──────── Data excerpts ────────

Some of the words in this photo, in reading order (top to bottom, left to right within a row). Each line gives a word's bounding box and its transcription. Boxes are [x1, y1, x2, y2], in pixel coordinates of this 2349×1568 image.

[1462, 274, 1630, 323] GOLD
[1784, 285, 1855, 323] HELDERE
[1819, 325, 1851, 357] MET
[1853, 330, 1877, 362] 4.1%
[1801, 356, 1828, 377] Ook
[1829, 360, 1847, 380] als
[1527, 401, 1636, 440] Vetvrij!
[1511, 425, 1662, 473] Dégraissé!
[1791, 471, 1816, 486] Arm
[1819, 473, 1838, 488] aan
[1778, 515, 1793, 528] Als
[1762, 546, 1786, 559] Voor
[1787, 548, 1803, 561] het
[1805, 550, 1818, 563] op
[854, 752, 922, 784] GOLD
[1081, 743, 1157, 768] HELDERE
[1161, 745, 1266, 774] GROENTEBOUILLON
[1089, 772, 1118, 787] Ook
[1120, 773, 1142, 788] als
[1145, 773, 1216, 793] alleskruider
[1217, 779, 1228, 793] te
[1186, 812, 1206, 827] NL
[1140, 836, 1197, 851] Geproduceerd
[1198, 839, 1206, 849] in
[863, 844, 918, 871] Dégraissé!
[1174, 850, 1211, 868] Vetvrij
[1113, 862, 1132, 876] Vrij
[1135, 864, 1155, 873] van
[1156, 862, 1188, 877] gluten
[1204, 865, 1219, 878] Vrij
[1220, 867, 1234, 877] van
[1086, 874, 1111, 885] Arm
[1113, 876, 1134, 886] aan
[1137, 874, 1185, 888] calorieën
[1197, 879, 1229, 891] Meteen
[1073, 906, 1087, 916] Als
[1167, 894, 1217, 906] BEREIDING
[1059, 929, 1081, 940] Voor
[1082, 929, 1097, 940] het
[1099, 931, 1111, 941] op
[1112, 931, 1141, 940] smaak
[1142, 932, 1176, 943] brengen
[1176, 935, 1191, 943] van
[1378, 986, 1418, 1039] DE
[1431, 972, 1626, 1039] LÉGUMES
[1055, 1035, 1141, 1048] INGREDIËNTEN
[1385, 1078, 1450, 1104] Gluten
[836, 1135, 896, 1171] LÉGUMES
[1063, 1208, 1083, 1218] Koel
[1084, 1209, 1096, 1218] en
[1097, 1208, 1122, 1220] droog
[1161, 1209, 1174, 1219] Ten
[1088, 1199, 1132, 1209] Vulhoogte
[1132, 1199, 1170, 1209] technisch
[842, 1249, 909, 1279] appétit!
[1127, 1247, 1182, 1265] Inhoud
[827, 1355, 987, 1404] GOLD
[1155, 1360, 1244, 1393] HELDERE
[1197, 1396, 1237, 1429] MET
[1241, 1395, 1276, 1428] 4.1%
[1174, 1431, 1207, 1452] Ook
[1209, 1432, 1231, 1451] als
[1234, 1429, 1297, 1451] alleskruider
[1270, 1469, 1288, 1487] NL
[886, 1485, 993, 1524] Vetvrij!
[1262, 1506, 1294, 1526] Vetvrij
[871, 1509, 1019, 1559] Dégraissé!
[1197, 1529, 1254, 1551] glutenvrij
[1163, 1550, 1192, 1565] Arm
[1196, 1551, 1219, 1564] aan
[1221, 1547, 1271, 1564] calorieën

────────

◆ Exercise brief ◆
Write out all the data exactly.

◆ Task result ◆
Some of the words in this photo, in reading order (top to bottom, left to right within a row). Each line gives a word's bounding box and its transcription. Boxes are [x1, y1, x2, y2], in pixel coordinates of this 2349×1568 image.

[1462, 274, 1630, 323] GOLD
[1784, 285, 1855, 323] HELDERE
[1819, 325, 1851, 357] MET
[1853, 330, 1877, 362] 4.1%
[1801, 356, 1828, 377] Ook
[1829, 360, 1847, 380] als
[1527, 401, 1636, 440] Vetvrij!
[1511, 425, 1662, 473] Dégraissé!
[1791, 471, 1816, 486] Arm
[1819, 473, 1838, 488] aan
[1778, 515, 1793, 528] Als
[1762, 546, 1786, 559] Voor
[1787, 548, 1803, 561] het
[1805, 550, 1818, 563] op
[854, 752, 922, 784] GOLD
[1081, 743, 1157, 768] HELDERE
[1161, 745, 1266, 774] GROENTEBOUILLON
[1089, 772, 1118, 787] Ook
[1120, 773, 1142, 788] als
[1145, 773, 1216, 793] alleskruider
[1217, 779, 1228, 793] te
[1186, 812, 1206, 827] NL
[1140, 836, 1197, 851] Geproduceerd
[1198, 839, 1206, 849] in
[863, 844, 918, 871] Dégraissé!
[1174, 850, 1211, 868] Vetvrij
[1113, 862, 1132, 876] Vrij
[1135, 864, 1155, 873] van
[1156, 862, 1188, 877] gluten
[1204, 865, 1219, 878] Vrij
[1220, 867, 1234, 877] van
[1086, 874, 1111, 885] Arm
[1113, 876, 1134, 886] aan
[1137, 874, 1185, 888] calorieën
[1197, 879, 1229, 891] Meteen
[1073, 906, 1087, 916] Als
[1167, 894, 1217, 906] BEREIDING
[1059, 929, 1081, 940] Voor
[1082, 929, 1097, 940] het
[1099, 931, 1111, 941] op
[1112, 931, 1141, 940] smaak
[1142, 932, 1176, 943] brengen
[1176, 935, 1191, 943] van
[1378, 986, 1418, 1039] DE
[1431, 972, 1626, 1039] LÉGUMES
[1055, 1035, 1141, 1048] INGREDIËNTEN
[1385, 1078, 1450, 1104] Gluten
[836, 1135, 896, 1171] LÉGUMES
[1063, 1208, 1083, 1218] Koel
[1084, 1209, 1096, 1218] en
[1097, 1208, 1122, 1220] droog
[1161, 1209, 1174, 1219] Ten
[1088, 1199, 1132, 1209] Vulhoogte
[1132, 1199, 1170, 1209] technisch
[842, 1249, 909, 1279] appétit!
[1127, 1247, 1182, 1265] Inhoud
[827, 1355, 987, 1404] GOLD
[1155, 1360, 1244, 1393] HELDERE
[1197, 1396, 1237, 1429] MET
[1241, 1395, 1276, 1428] 4.1%
[1174, 1431, 1207, 1452] Ook
[1209, 1432, 1231, 1451] als
[1234, 1429, 1297, 1451] alleskruider
[1270, 1469, 1288, 1487] NL
[886, 1485, 993, 1524] Vetvrij!
[1262, 1506, 1294, 1526] Vetvrij
[871, 1509, 1019, 1559] Dégraissé!
[1197, 1529, 1254, 1551] glutenvrij
[1163, 1550, 1192, 1565] Arm
[1196, 1551, 1219, 1564] aan
[1221, 1547, 1271, 1564] calorieën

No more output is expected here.